### [Goal of the exercise]
Without including any images, reproduce each entry exactly.

### [Provided records]
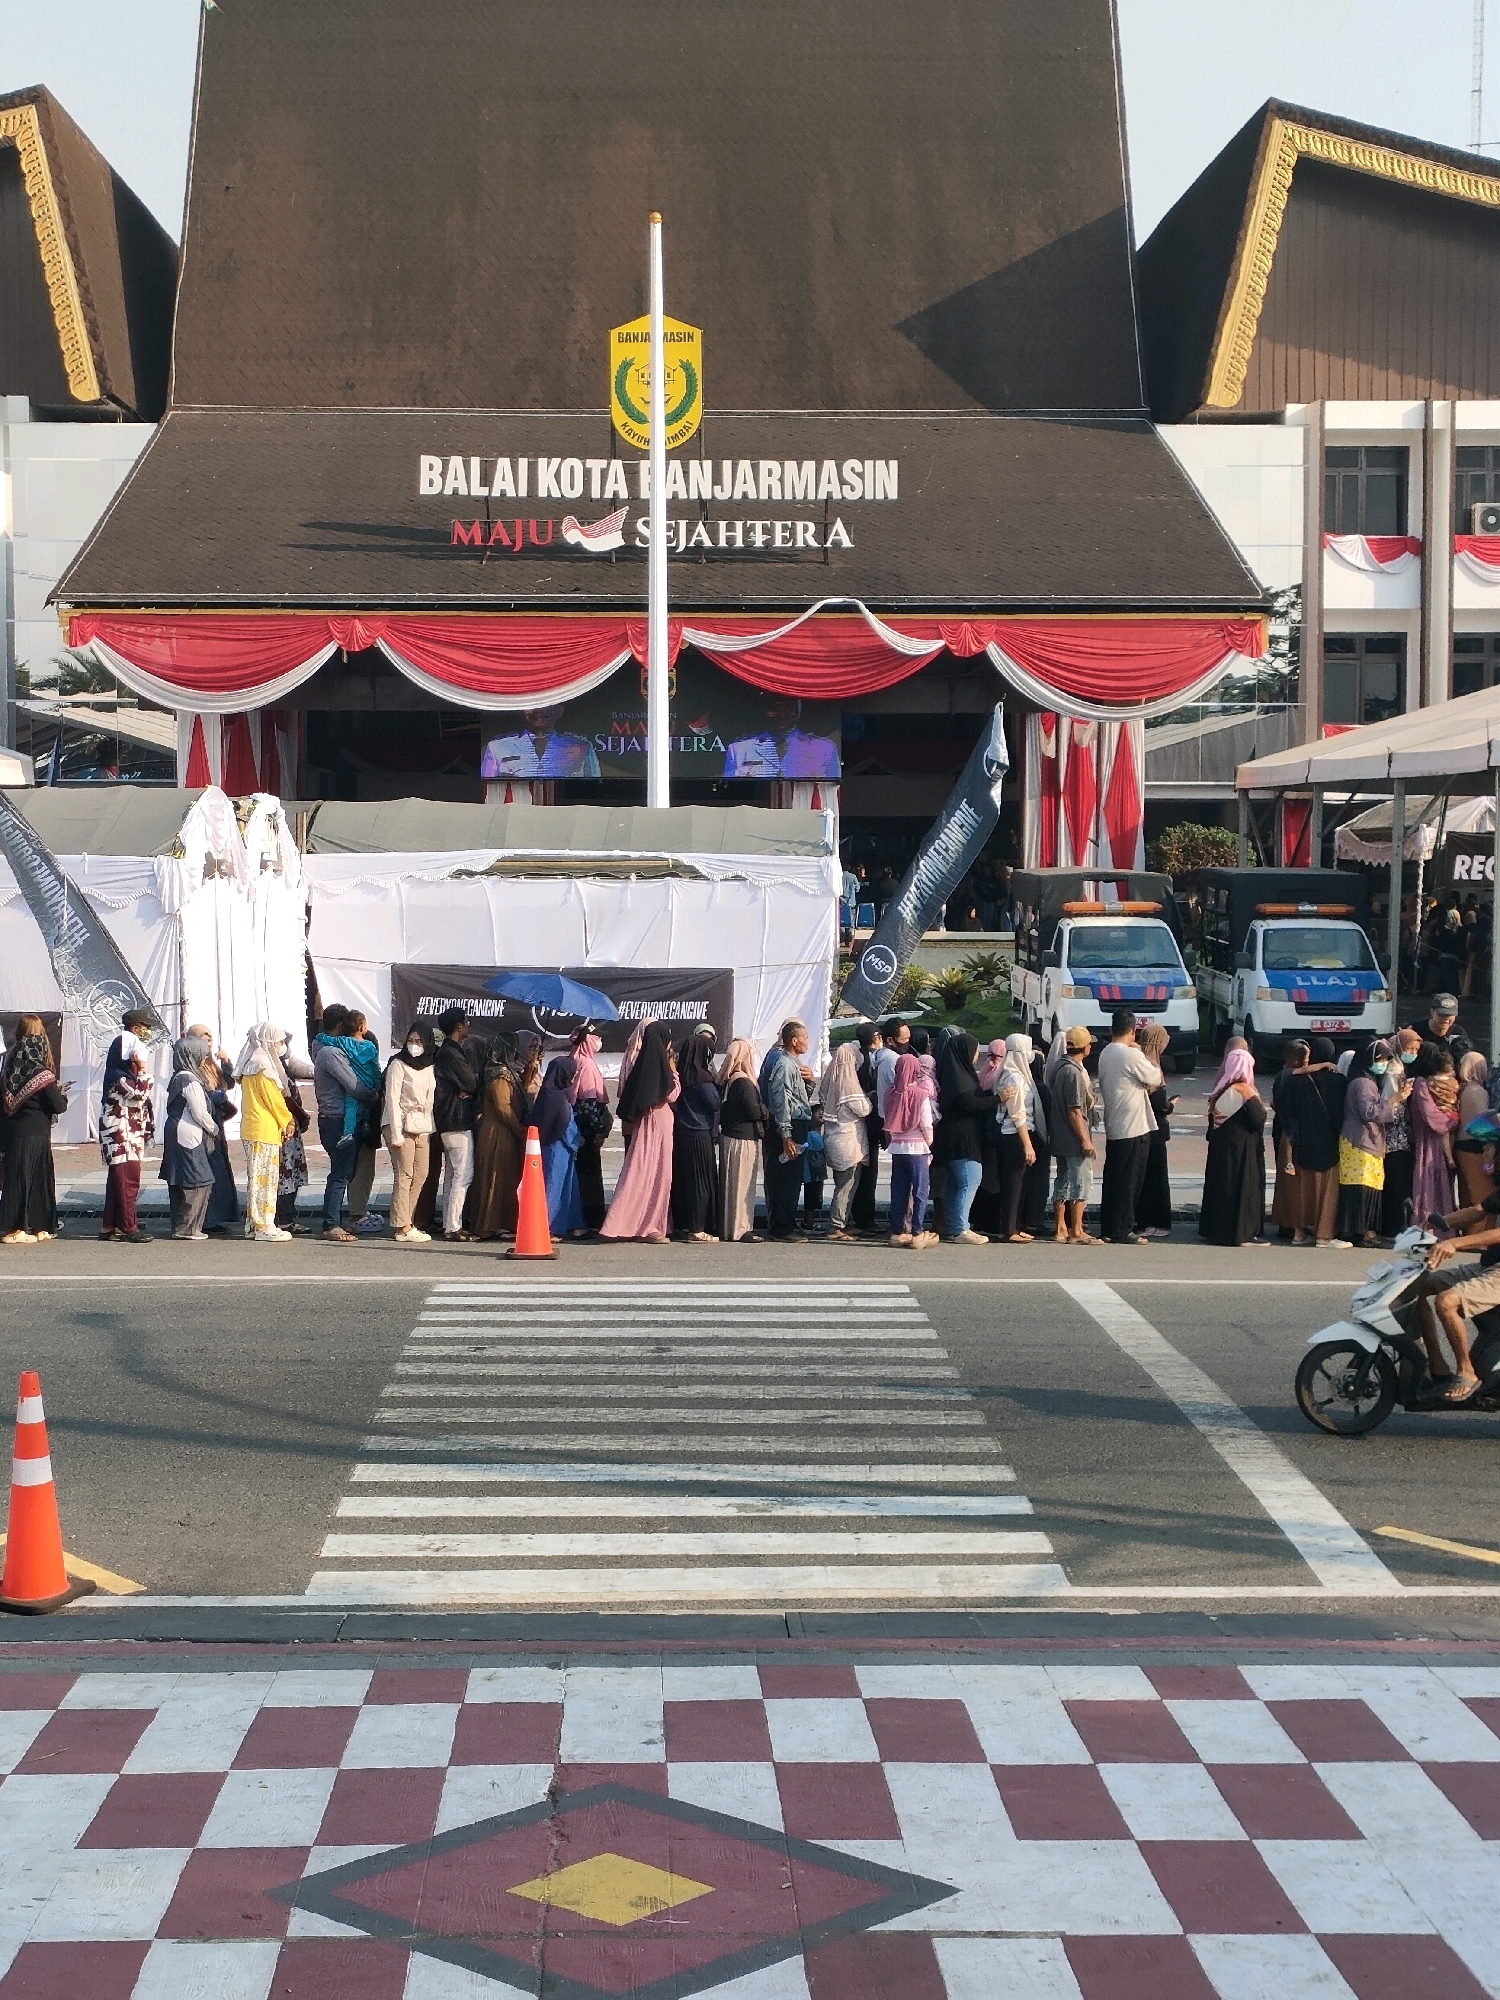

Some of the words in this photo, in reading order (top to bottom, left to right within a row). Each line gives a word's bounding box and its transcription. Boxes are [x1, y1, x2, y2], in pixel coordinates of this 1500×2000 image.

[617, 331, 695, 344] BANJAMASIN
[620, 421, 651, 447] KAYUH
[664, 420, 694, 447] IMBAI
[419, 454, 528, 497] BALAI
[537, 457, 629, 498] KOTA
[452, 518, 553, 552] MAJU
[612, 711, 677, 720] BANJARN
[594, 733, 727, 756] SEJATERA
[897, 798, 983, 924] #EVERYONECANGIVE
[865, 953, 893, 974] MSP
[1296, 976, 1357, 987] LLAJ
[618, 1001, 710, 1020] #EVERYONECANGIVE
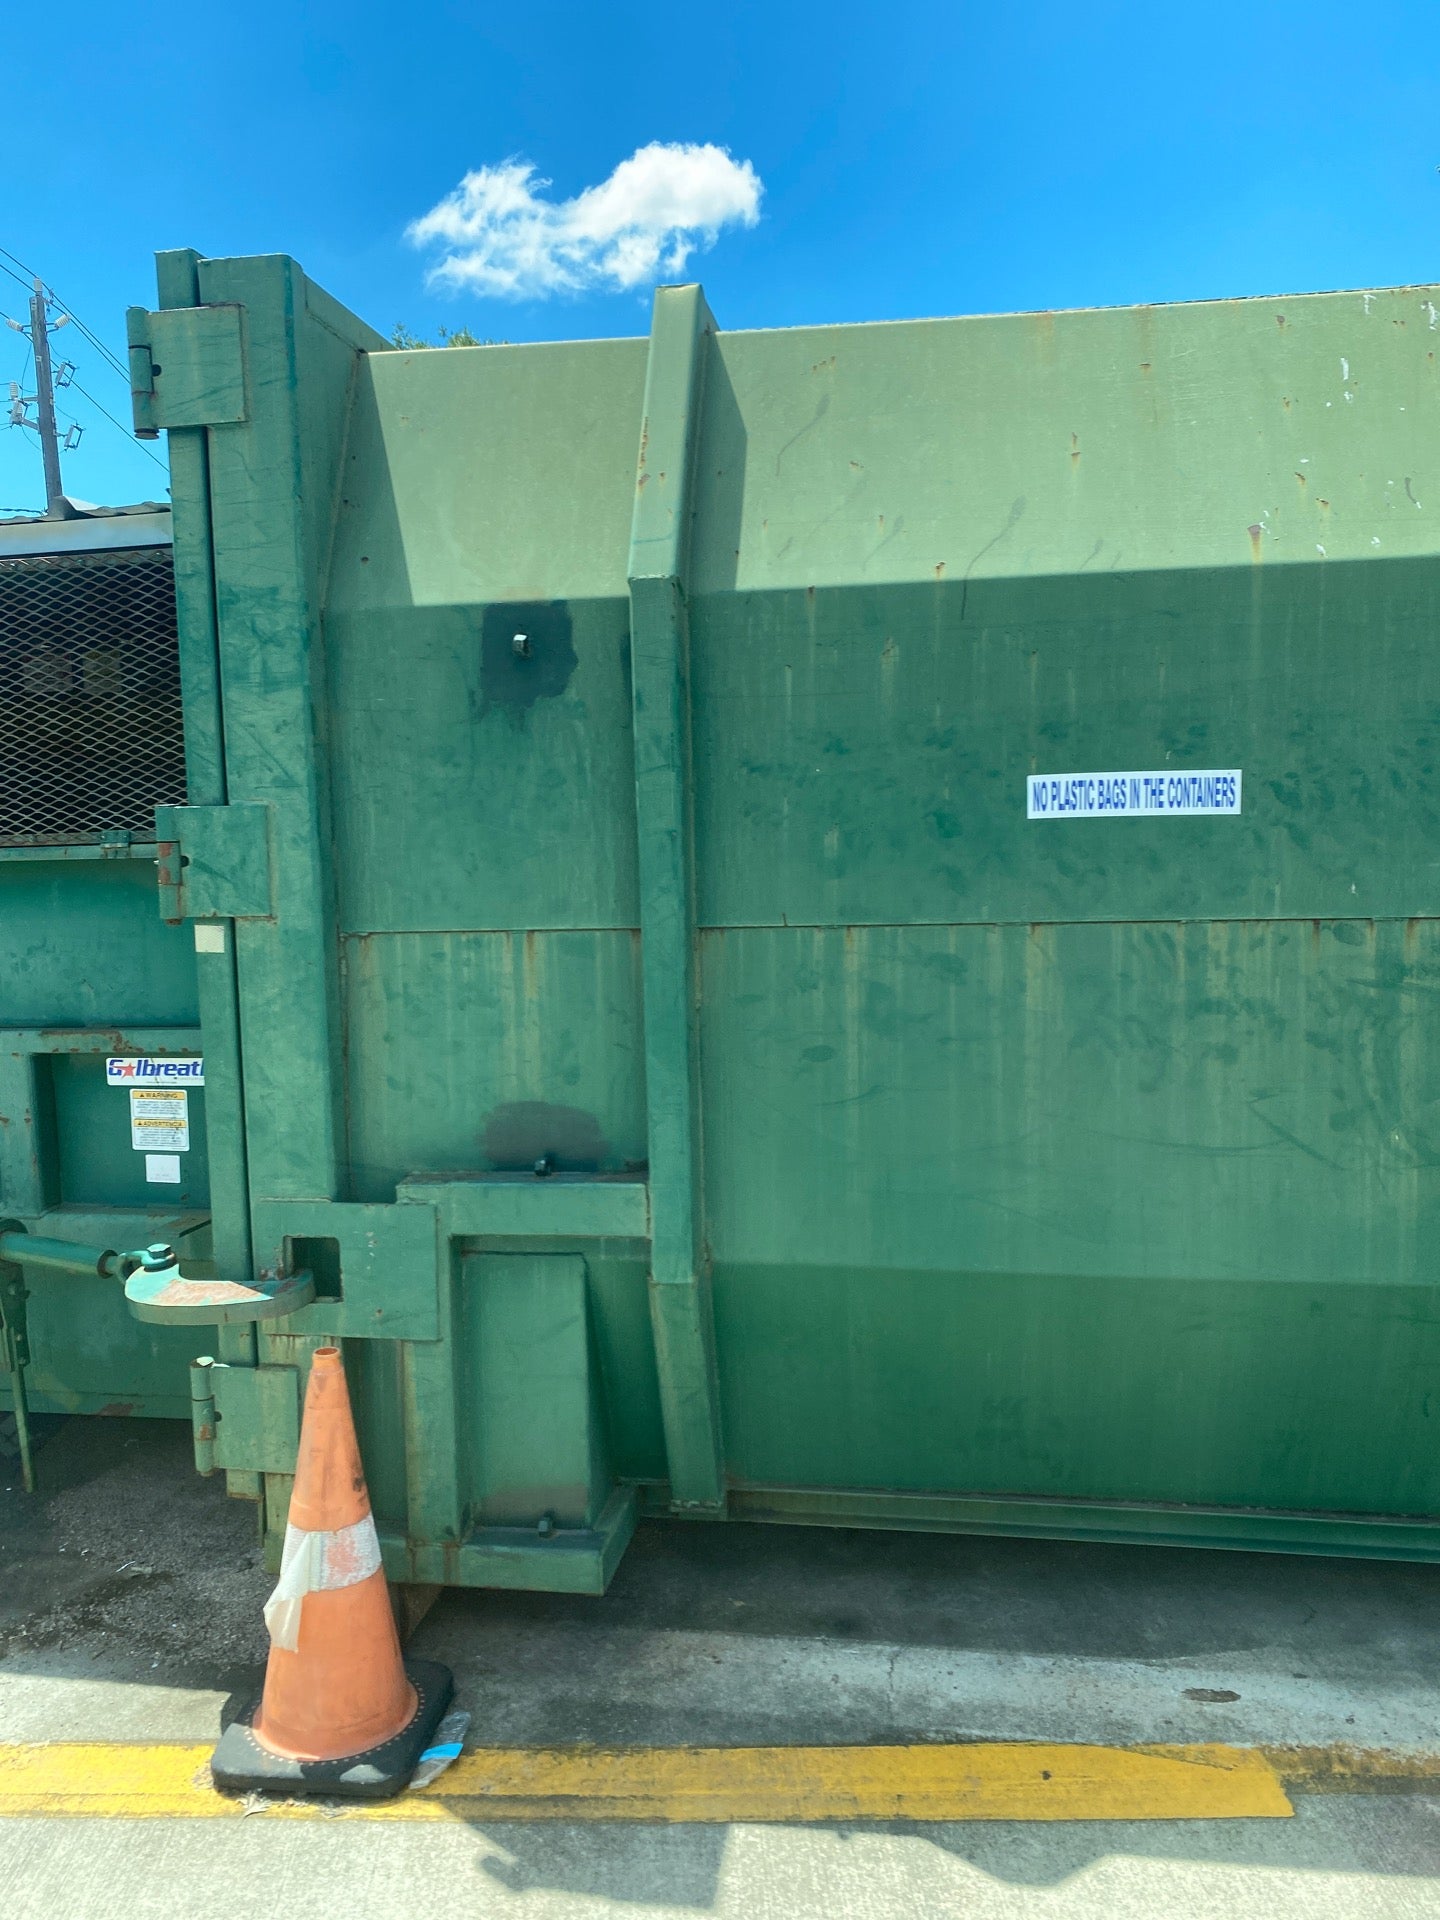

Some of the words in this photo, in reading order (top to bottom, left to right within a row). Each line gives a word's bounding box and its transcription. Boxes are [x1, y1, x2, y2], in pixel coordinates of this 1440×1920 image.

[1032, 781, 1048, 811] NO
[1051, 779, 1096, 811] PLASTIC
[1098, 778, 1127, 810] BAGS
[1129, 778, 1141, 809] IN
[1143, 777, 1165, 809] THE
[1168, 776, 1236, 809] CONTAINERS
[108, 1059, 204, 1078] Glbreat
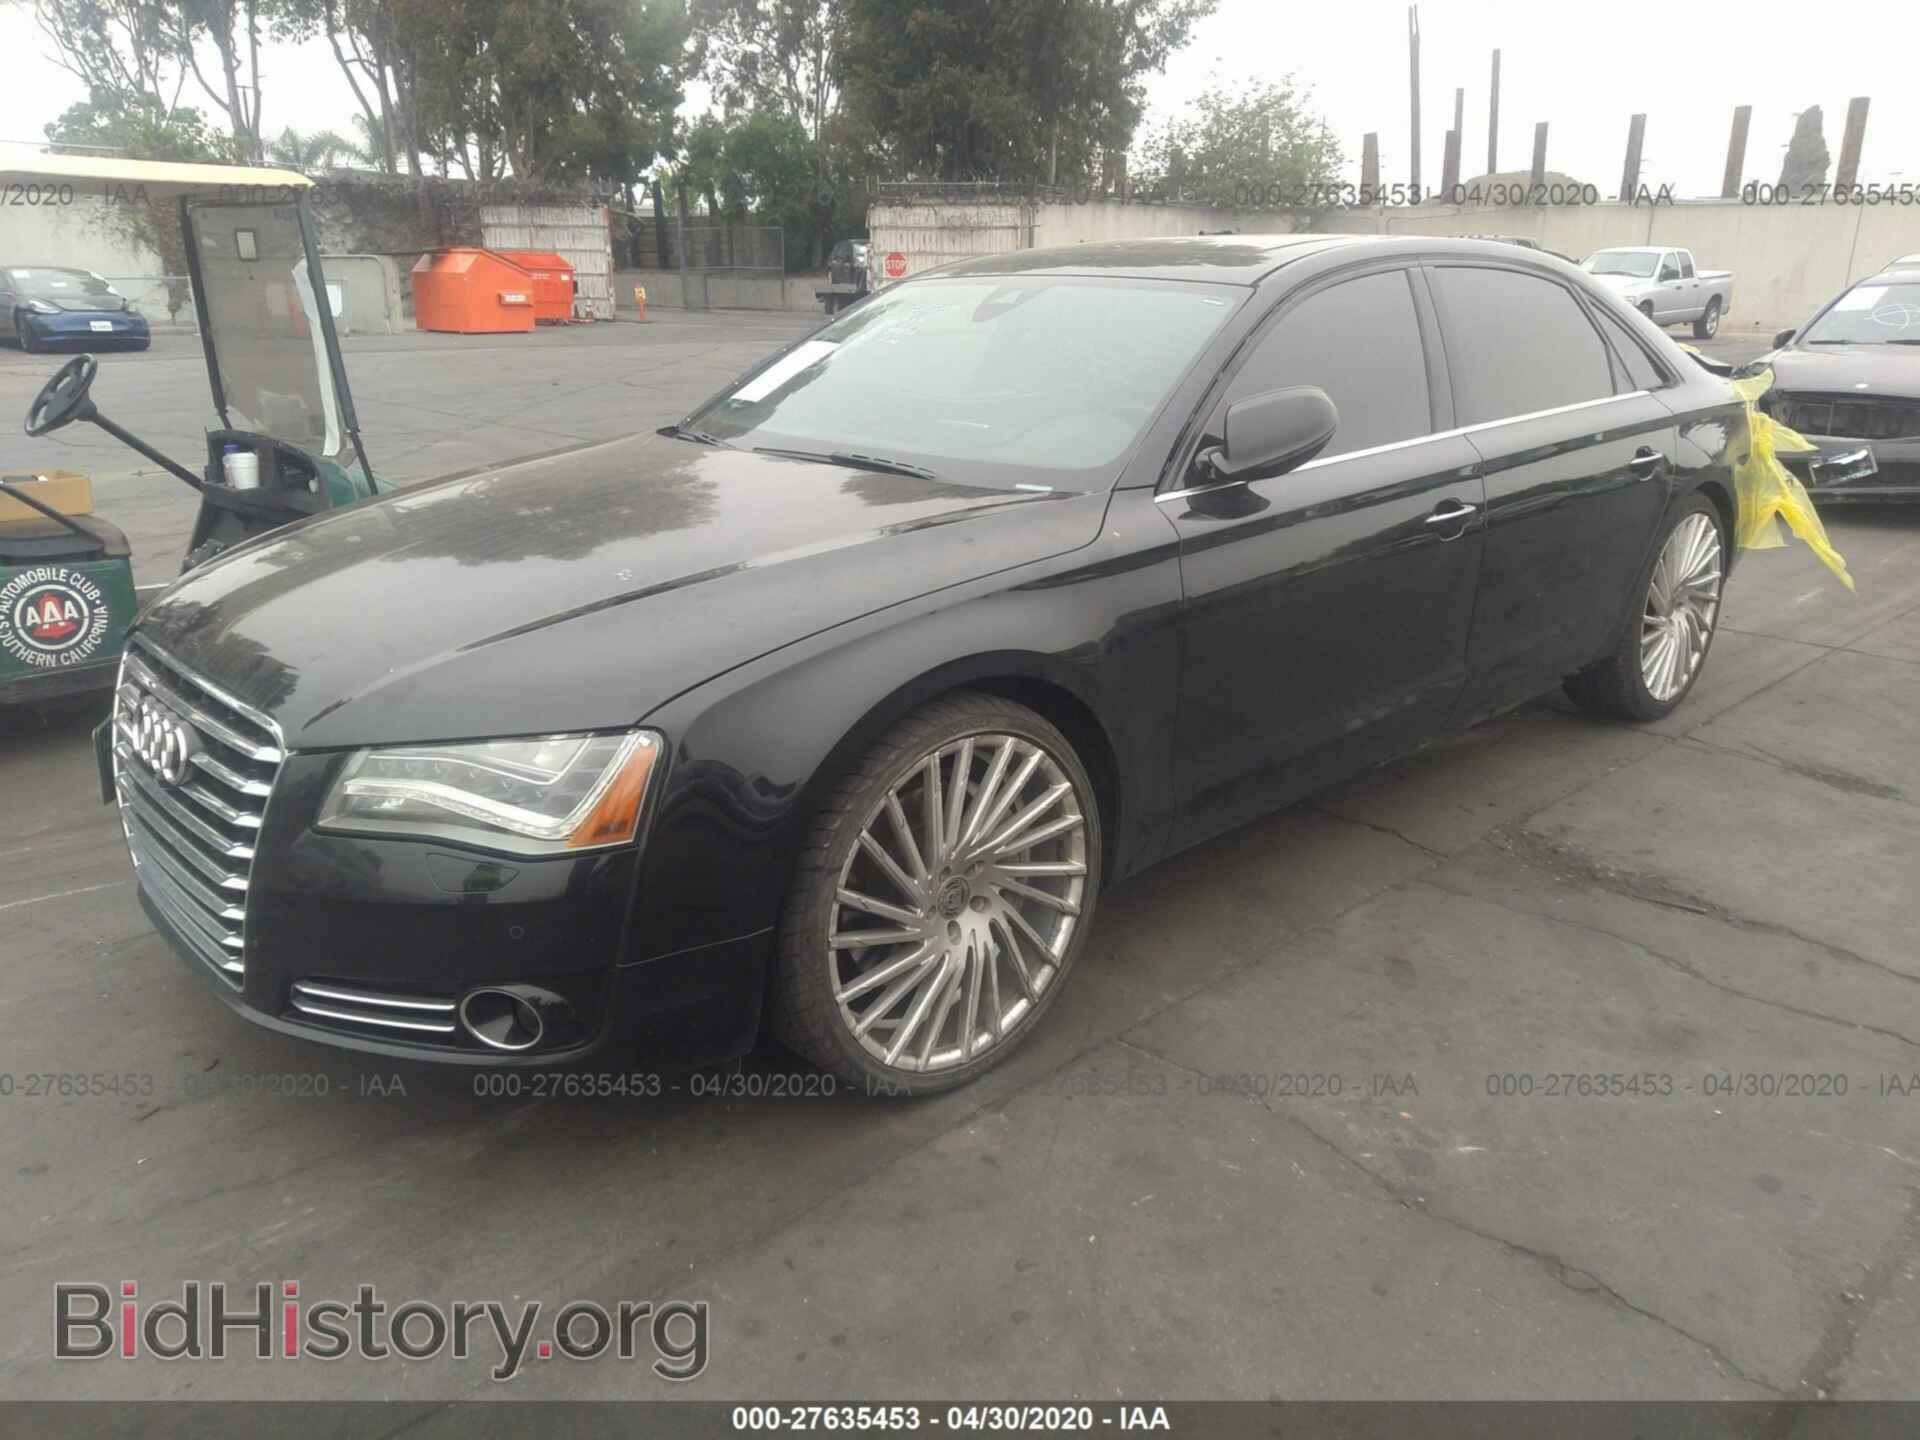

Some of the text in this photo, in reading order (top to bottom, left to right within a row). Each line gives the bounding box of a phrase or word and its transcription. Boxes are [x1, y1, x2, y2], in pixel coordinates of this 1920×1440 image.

### [Finished task]
Some of the words in this photo, in reading order (top to bottom, left to right within a row). Each line gives a word's bounding box and its transcription. Boxes are [x1, y1, x2, y2], in pixel coordinates of this 1500×2000 image.

[617, 331, 695, 344] BANJAMASIN
[620, 421, 651, 447] KAYUH
[664, 420, 694, 447] IMBAI
[419, 454, 528, 497] BALAI
[537, 457, 629, 498] KOTA
[452, 518, 553, 552] MAJU
[612, 711, 677, 720] BANJARN
[594, 733, 727, 756] SEJATERA
[897, 798, 983, 924] #EVERYONECANGIVE
[865, 953, 893, 974] MSP
[1296, 976, 1357, 987] LLAJ
[618, 1001, 710, 1020] #EVERYONECANGIVE

Some of the words in this photo, in reading order (top to bottom, left to right within a row). Each line gives a word's bounding box and its transcription. Boxes are [x1, y1, x2, y2], in pixel coordinates of this 1440×1920 image.

[1032, 781, 1048, 811] NO
[1051, 779, 1096, 811] PLASTIC
[1098, 778, 1127, 810] BAGS
[1129, 778, 1141, 809] IN
[1143, 777, 1165, 809] THE
[1168, 776, 1236, 809] CONTAINERS
[108, 1059, 204, 1078] Glbreat

Some of the text in this photo, in reading order (top to bottom, left to right within a row). Each line gives the bounding box of a phrase or word and its transcription. Boxes are [x1, y1, x2, y2], in pixel coordinates of this 1920×1440 image.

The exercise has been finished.